Nearly an hour before Greg Gumbel announced to viewers that Kansas, Kentucky, Syracuse and Duke earned No. 1 seeds in 2010, someone on a Maryland-themed message board had already confirmed it. An anonymous poster known only as “goterps04” also disclosed who the four No. 2 seeds were, which bubble teams had made or missed the cut and every detail of Maryland’s draw, from its site, to its seed, to its first- and second-round opponents.

“At first I wasn’t sure there was anything to it, but he had a lot of things that you couldn’t have guessed,” Jeff Ermann, publisher of InsideMDSports, told Yahoo Sports in 2014. “There was clearly a leak somewhere along the line. At that time, we were loosely affiliated with ESPN and I got some emails from them and I think from CBS too. They weren’t too thrilled with it.”

In an era of cell phone pics and social media, it’s remarkable leaks like this aren’t more frequent. The NCAA goes to extreme lengths to give CBS the exclusivity it desires, sequestering the 10 selection committee members like jurors in a high-profile trial.

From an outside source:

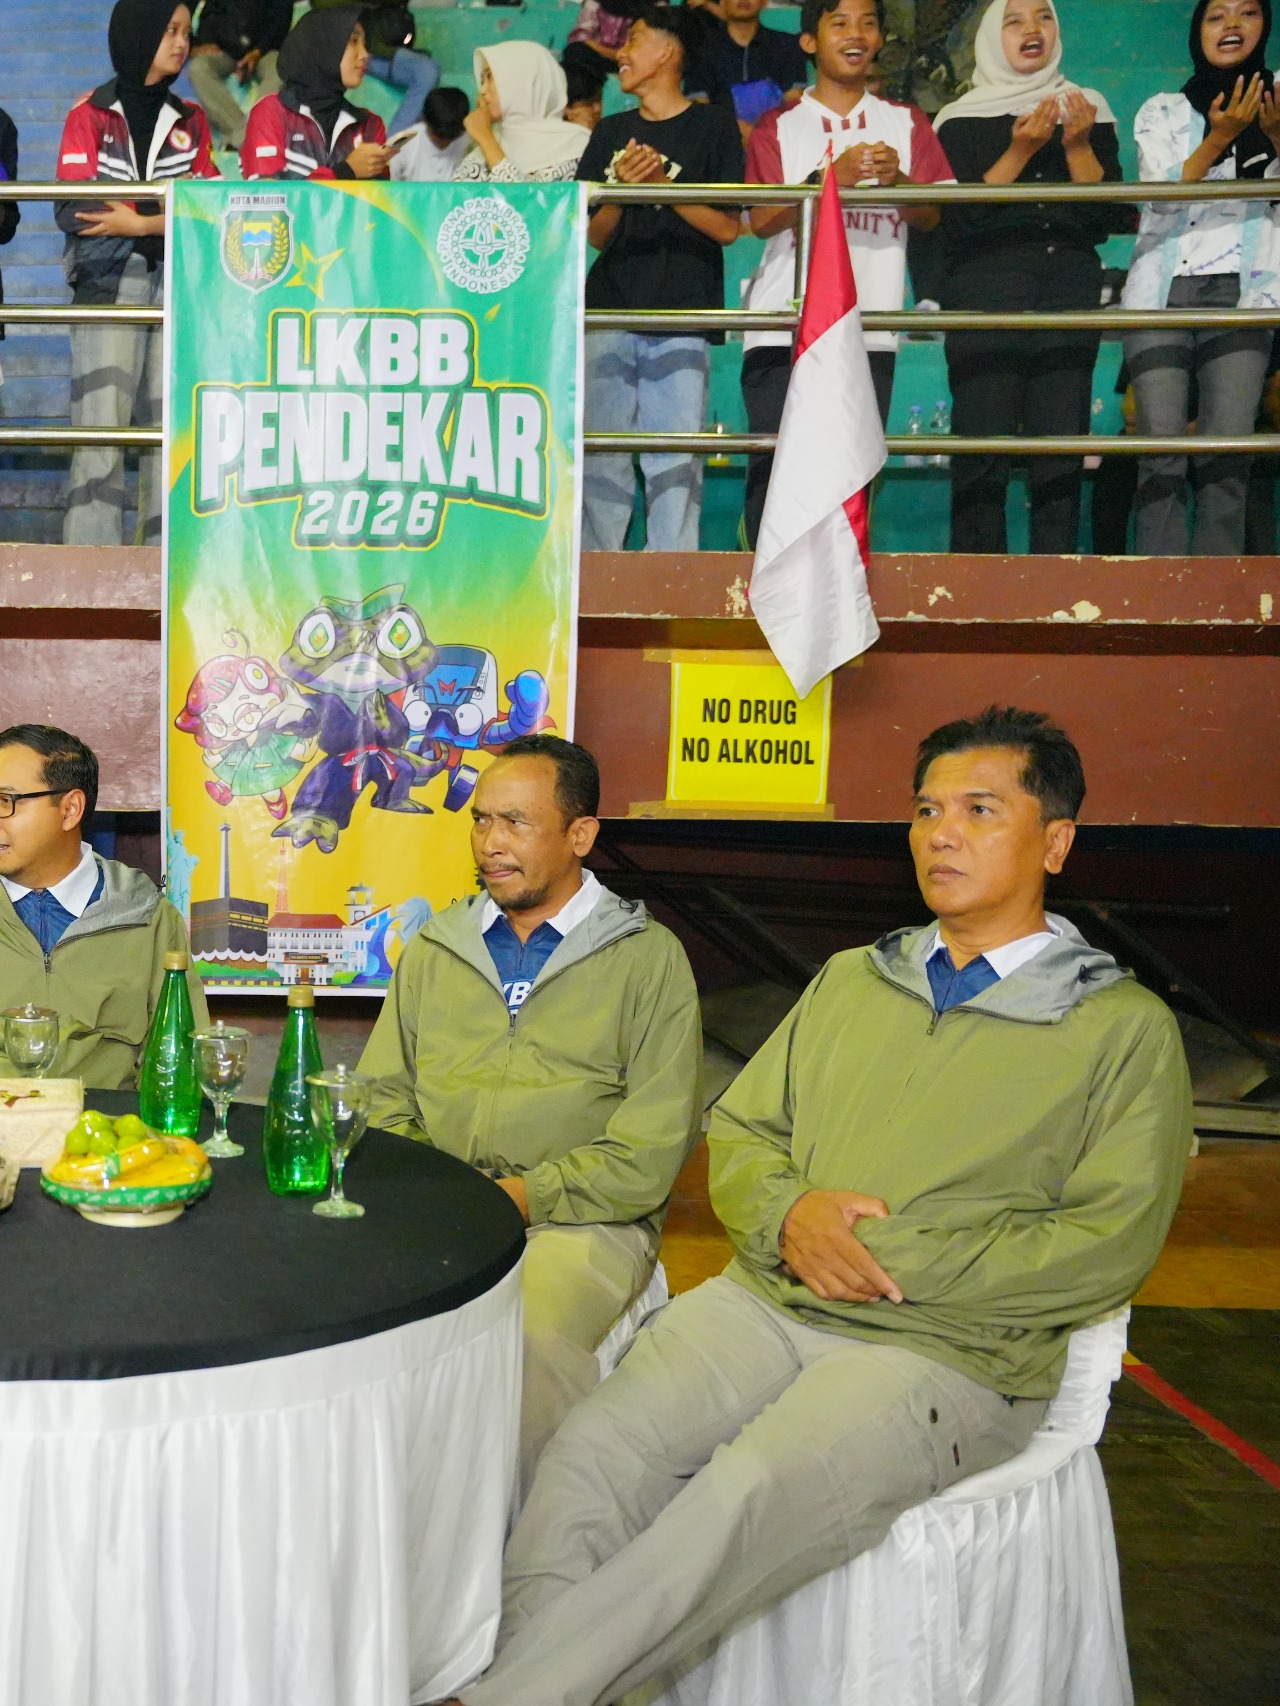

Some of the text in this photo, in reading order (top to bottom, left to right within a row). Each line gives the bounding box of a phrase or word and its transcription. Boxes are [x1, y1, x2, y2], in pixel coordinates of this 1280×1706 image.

From their arrival at a New York hotel this week until the completion of the 68-team bracket, committee members are instructed not to leave the hotel floor that contains their block of rooms. Meals arrive via room service and a security guard stands watch at the elevator from morning until night to keep the occasional curious visitor away.

Access to the conference room where the bracket is assembled is limited to NCAA employees, a handful of hotel staffers and a CBS camera crew. Before any outsiders enter, committee members close their computer screens and turn the papers on their tables face down.

The risk of bracket details spilling out prematurely was higher than usual last year because CBS doubled the length of the selection show to two hours and dragged out the unveiling of the full bracket interminably.

Having received considerable backlash over that decision, CBS is shortening this year’s show to 90 minutes. The network also intends to alter the show’s format by revealing the entire bracket in the first 30-40 minutes rather than interspersing picks and in-depth analysis after each of the four regions is unveiled.

“We felt like it would be a more efficient show if we tightened it up, revealed the bracket earlier and then did more of the discussion on the back end,” said Harold Bryant, Executive Producer and SVP, Production, CBS Sports. “We wanted to improve the quality of the show and provide the best show possible for the viewer.”

While Bryant declined comment on last year’s leak and its impact on the selection show, the answer to that question is pretty obvious. The very fabric of the selection show is rooted in being the first to reveal the NCAA tournament draw to the public and capturing the surprise, jubilation or disappointment of the teams themselves.

By reducing the number of people and entities who have advance access to this year’s bracket, the NCAA is hoping to diminish the risk of another similar leak this Sunday.

The bracket only surfaced on social media a few minutes early last year, but to the NCAA and its broadcast partners, those few minutes are everything.